Ferdinand Parpan was born in Alfortville, France on July 8, 1902. He was a sculptor of religious subjects, groups, figures, and animals. While a young child, he learned to sculpt from his father, a professional artist. Parpan planned to study at the École des Beaux-Arts, but due to World War I he worked for six years as an apprentice to an engraver. During this time he also learned to paint. In 1926 he opened his own studio, but it was years before he exhibited his works publicly.
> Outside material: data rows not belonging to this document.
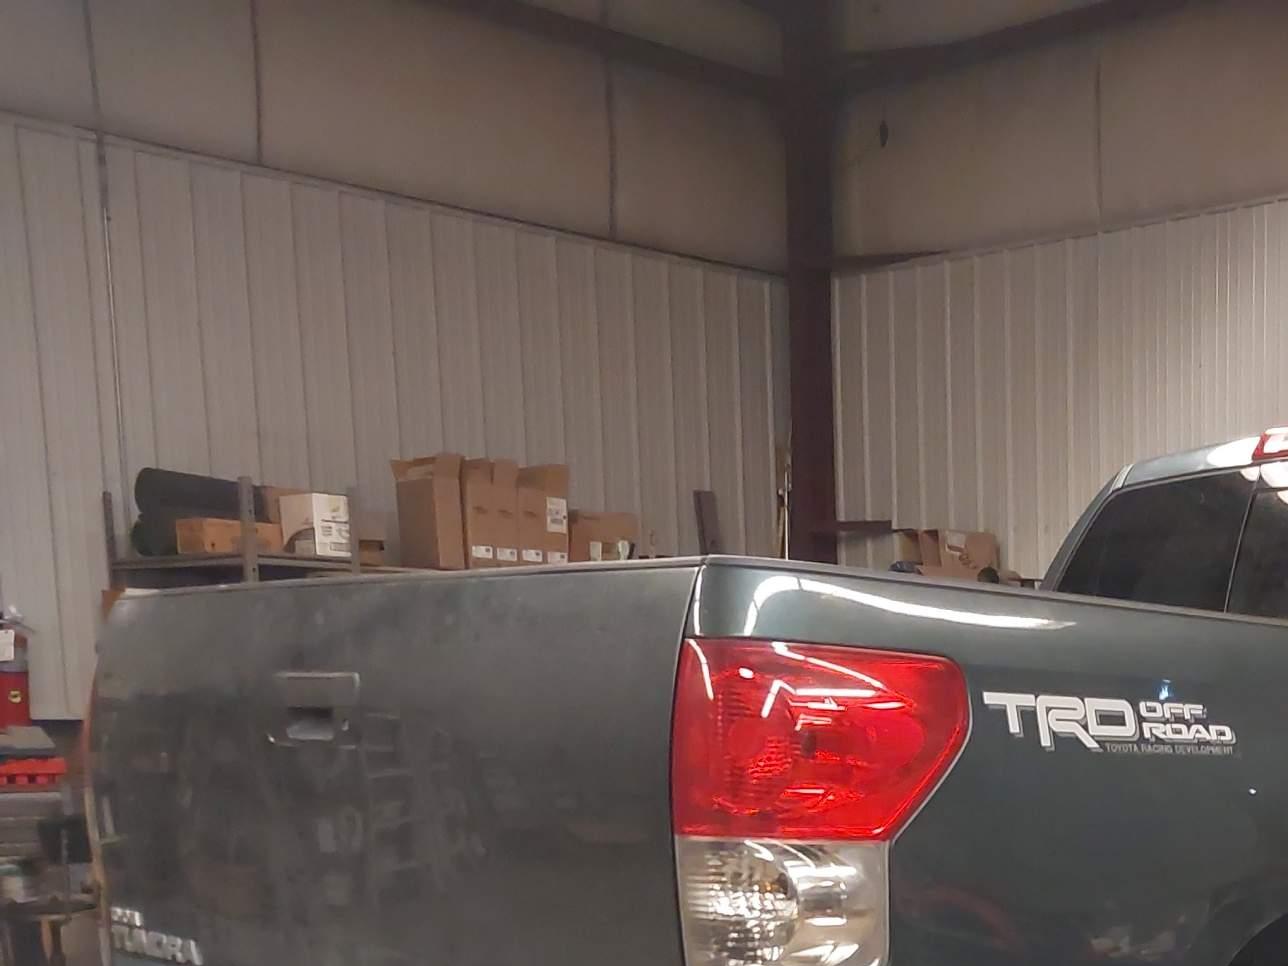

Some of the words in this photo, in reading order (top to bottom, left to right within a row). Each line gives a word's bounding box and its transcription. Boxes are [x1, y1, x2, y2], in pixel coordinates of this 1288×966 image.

[982, 691, 1140, 752] TRD
[1139, 700, 1207, 722] OFF
[1142, 721, 1237, 745] ROAD
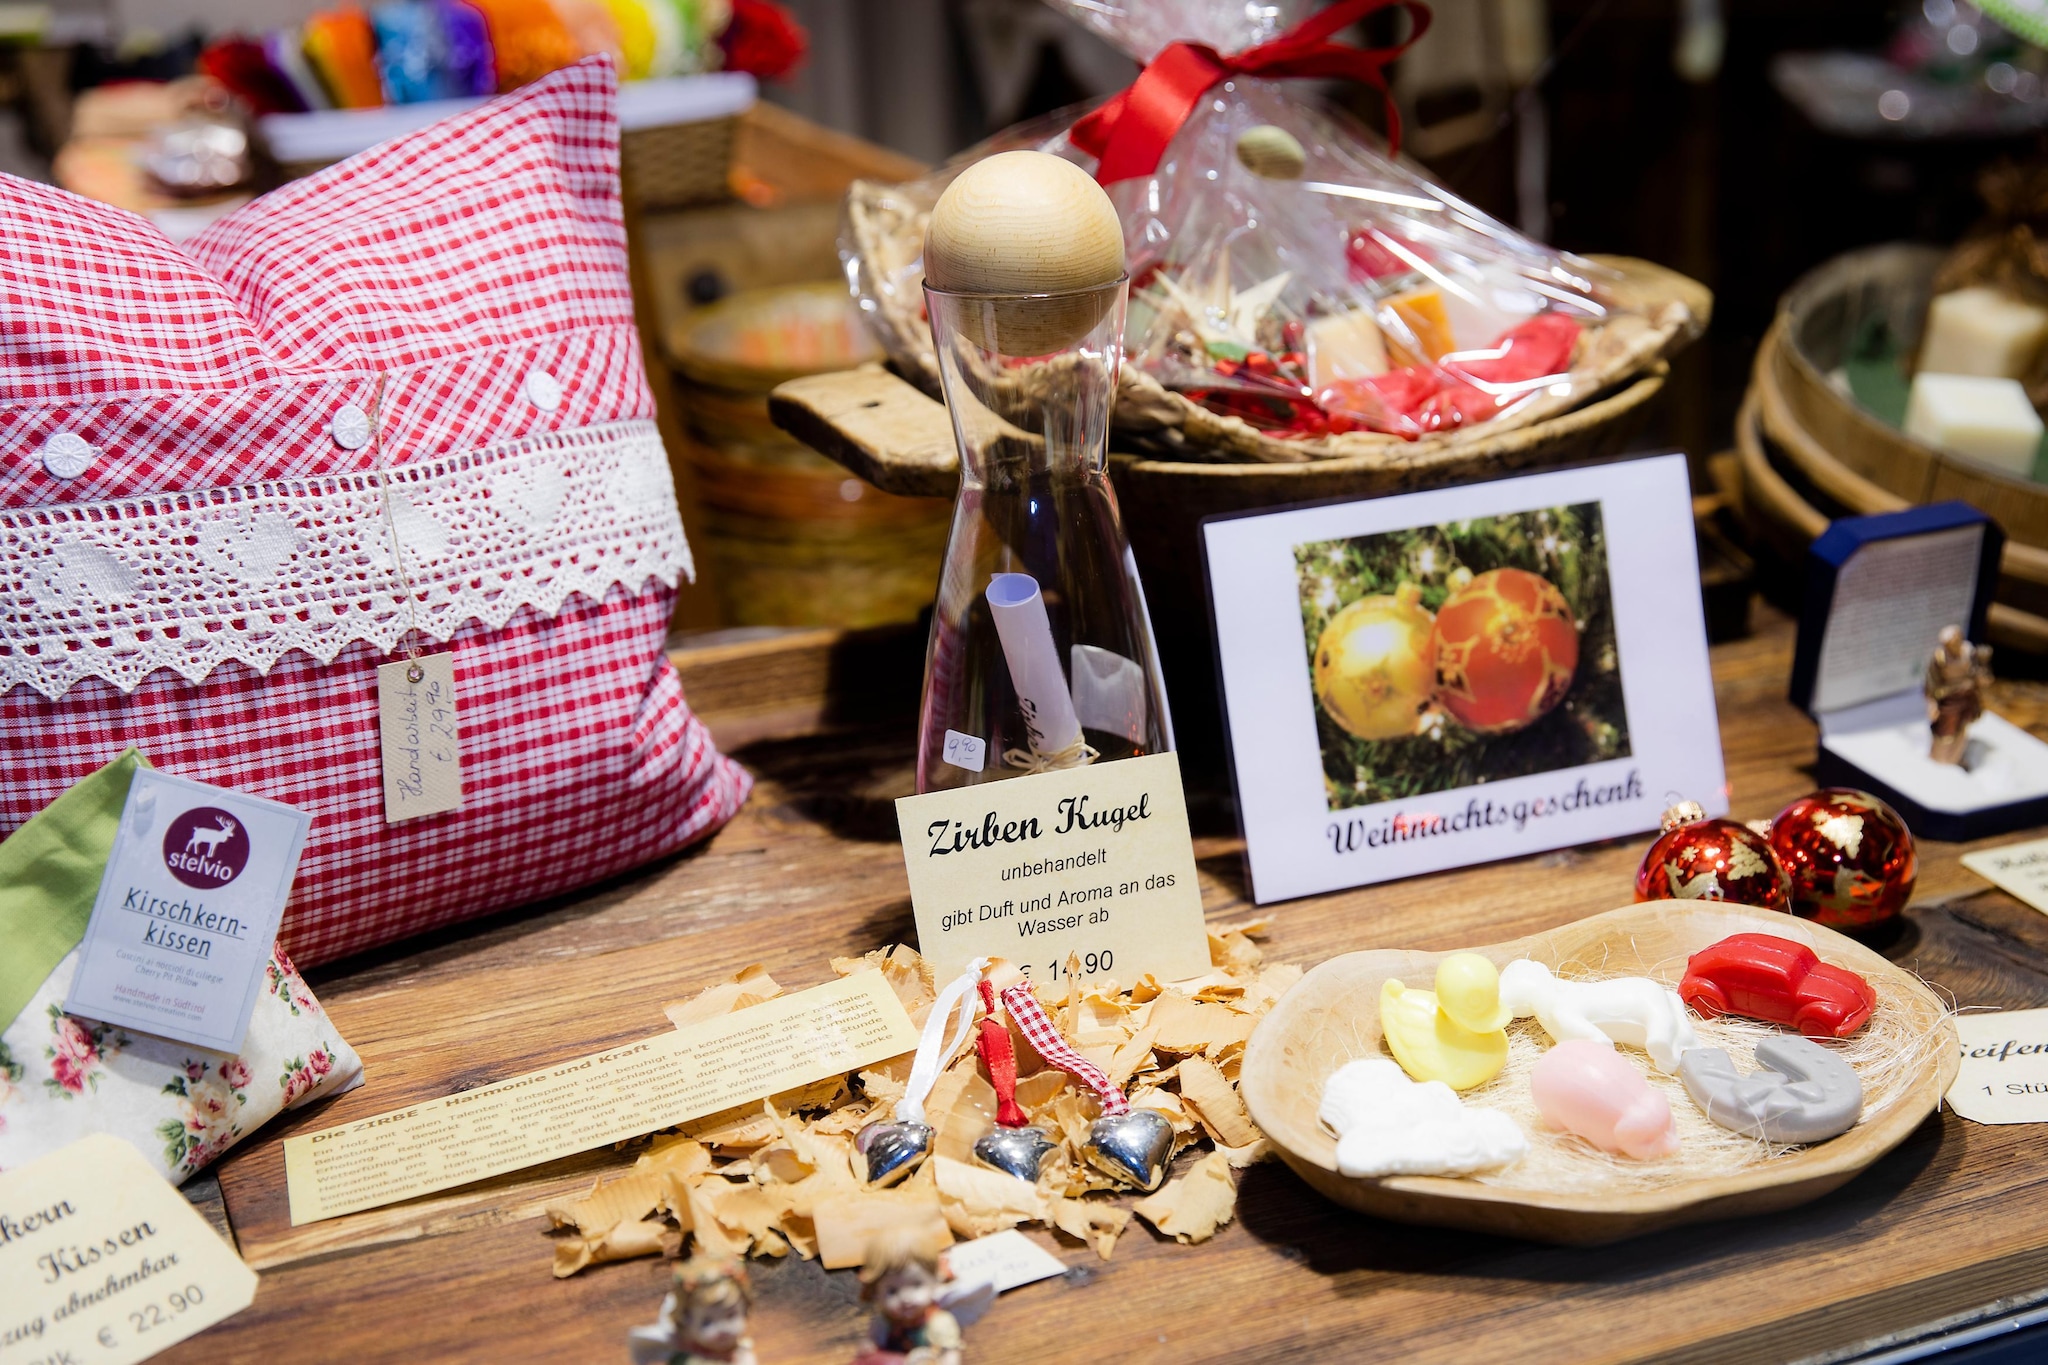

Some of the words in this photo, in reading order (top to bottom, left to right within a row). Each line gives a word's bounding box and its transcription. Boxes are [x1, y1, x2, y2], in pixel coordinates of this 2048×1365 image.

[927, 811, 1043, 857] Zirben
[1054, 793, 1152, 833] Kugel
[1327, 769, 1647, 853] Weihnachtsgeschenk
[168, 850, 233, 881] stelvio
[1001, 849, 1107, 881] unbehandelt
[123, 887, 248, 934] Kirschkern-
[941, 908, 973, 932] gibt
[979, 900, 1014, 921] Duft
[1020, 894, 1051, 914] und
[1057, 885, 1113, 907] Aroma
[1119, 882, 1139, 895] an
[1145, 873, 1176, 891] das
[1018, 914, 1083, 937] Wasser
[1089, 908, 1110, 924] ab
[144, 921, 212, 957] kissen
[114, 984, 160, 1001] Handmade
[162, 995, 171, 1004] in
[135, 965, 161, 979] Cherry
[162, 972, 173, 981] Pit
[175, 975, 198, 988] Pillow
[311, 1128, 345, 1144] Die
[353, 1108, 418, 1133] ZIRBE
[445, 1072, 546, 1108] Harmonie
[553, 1060, 591, 1077] und
[598, 1043, 650, 1064] Kraft
[313, 1147, 332, 1157] Ein
[340, 1137, 368, 1150] Holz
[375, 1131, 396, 1141] mit
[404, 1118, 440, 1133] vielen
[516, 1079, 579, 1103] Entspannt
[585, 1071, 608, 1083] und
[615, 1054, 667, 1075] beruhigt
[674, 1047, 692, 1056] bei
[778, 1011, 807, 1024] oder
[405, 1160, 426, 1171] pro
[592, 1107, 615, 1119] und
[738, 1059, 776, 1075] Macht
[864, 1024, 888, 1036] und
[412, 1121, 460, 1140] Bewirkt
[472, 1111, 498, 1124] eine
[781, 1022, 800, 1032] die
[809, 999, 874, 1024] vegtative
[474, 1122, 492, 1133] die
[700, 1055, 723, 1067] den
[519, 1119, 539, 1130] die
[651, 1077, 685, 1093] Spart
[839, 1016, 883, 1034] Stunde
[1982, 1086, 1992, 1096] 1
[536, 1132, 561, 1145] und
[617, 1110, 640, 1121] das
[554, 1139, 574, 1150] die
[659, 1108, 682, 1120] der
[0, 1200, 76, 1242] kern
[37, 1220, 156, 1284] Kissen
[53, 1253, 180, 1322] abnehmbar
[97, 1326, 119, 1349] €
[129, 1284, 204, 1334] 22,90
Beginning in 1936 Parpan exhibited solo shows in Paris and smaller French towns.
Parpan participated in many group exhibitions. Beginning in the 1950s he exhibited regularly at the Salon de l’Art Libre in Paris and the Salon des Indépendants. He exhibited at the Exposition d’Art Sacré in Vézelay in 1951; Salon des Conches in 1956 and 1961; Salon de la Jeune Sculpture in Paris in 1956; Salon d’Asnièrs in 1958, 1963, and 1965; Salon d’Automne in Paris in 1970. Parpan was a “membre sociétaire” of the Salon d’Automne, Salon des Indépanedants, Salon des Formes Humains at the Musée Rodin, Salon Compairason, Salon des Terres Latines, and Salon de l’Art Libre.
In 1994 his work was exhibited at the Marie du XVI arrondissement (the town hall) in Paris. He was awarded a silver medal from the Ville de Paris, a vermeil medal from Arts et Lettres, and Prix Européan de la Sculpture in Rouen in 1991.
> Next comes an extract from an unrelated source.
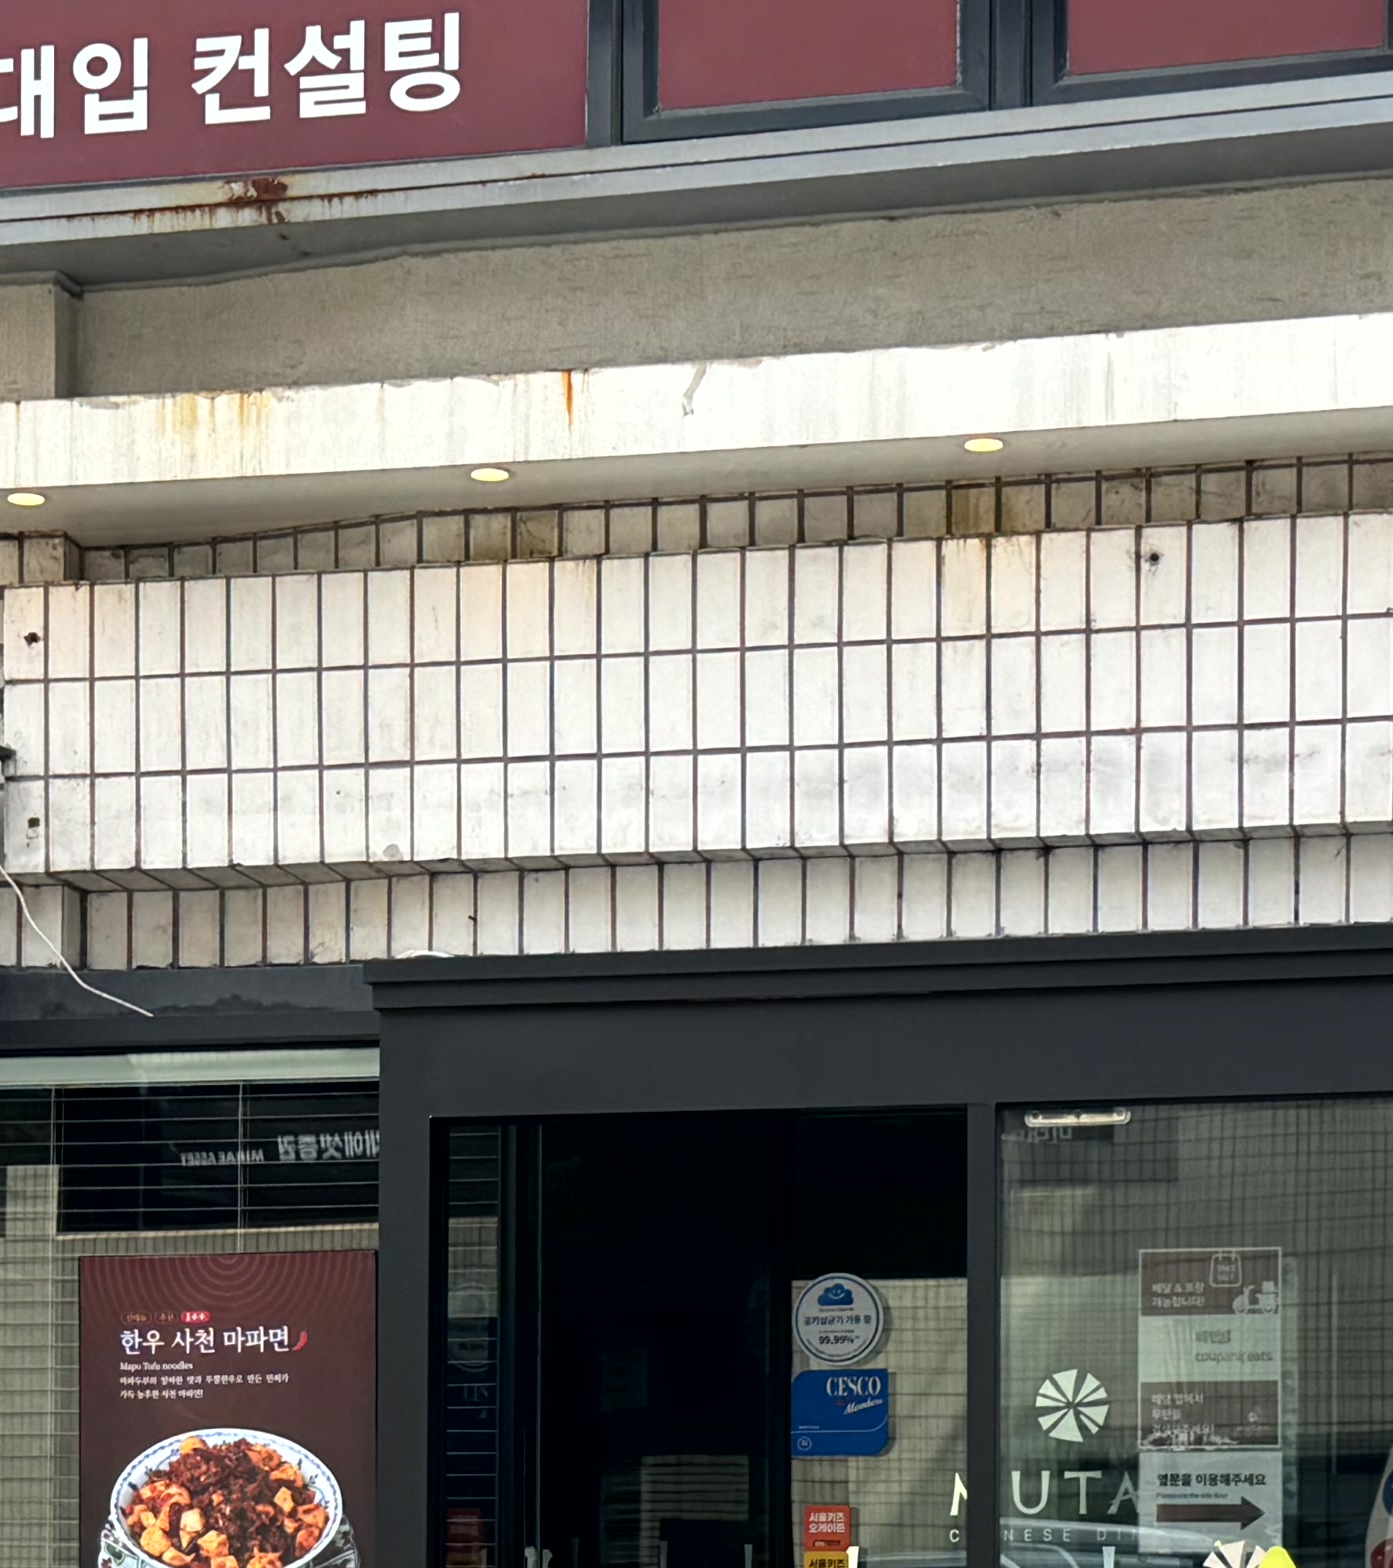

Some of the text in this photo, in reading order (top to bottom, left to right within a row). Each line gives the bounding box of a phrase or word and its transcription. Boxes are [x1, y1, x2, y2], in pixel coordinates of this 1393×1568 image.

Parpan also exhibited outside of France. He won a first place prize in Monte Carlo. He exhibited as well in many galleries in England, Germany, Belgium, Switzerland, and the United States.
Parpan worked in marble and stone, including alabaster and onyx. He also created works from wood, ivory, ebony, and bronze. He sculpted many religious works notably a Christ en Croix (Christ on the Cross), a Vierge à l’Enfant (Virgin and Child), and other figures including a series of statues of musicians. He also sculpted animals including L’Oiseaux en Vol (Bird in Flight) and Le Chant du Coq (Rooster’s Song). Parpan opted for simplistic forms and figures with use of distinct and smooth plans and clean and sleek lines. His style exemplifies modern classicism.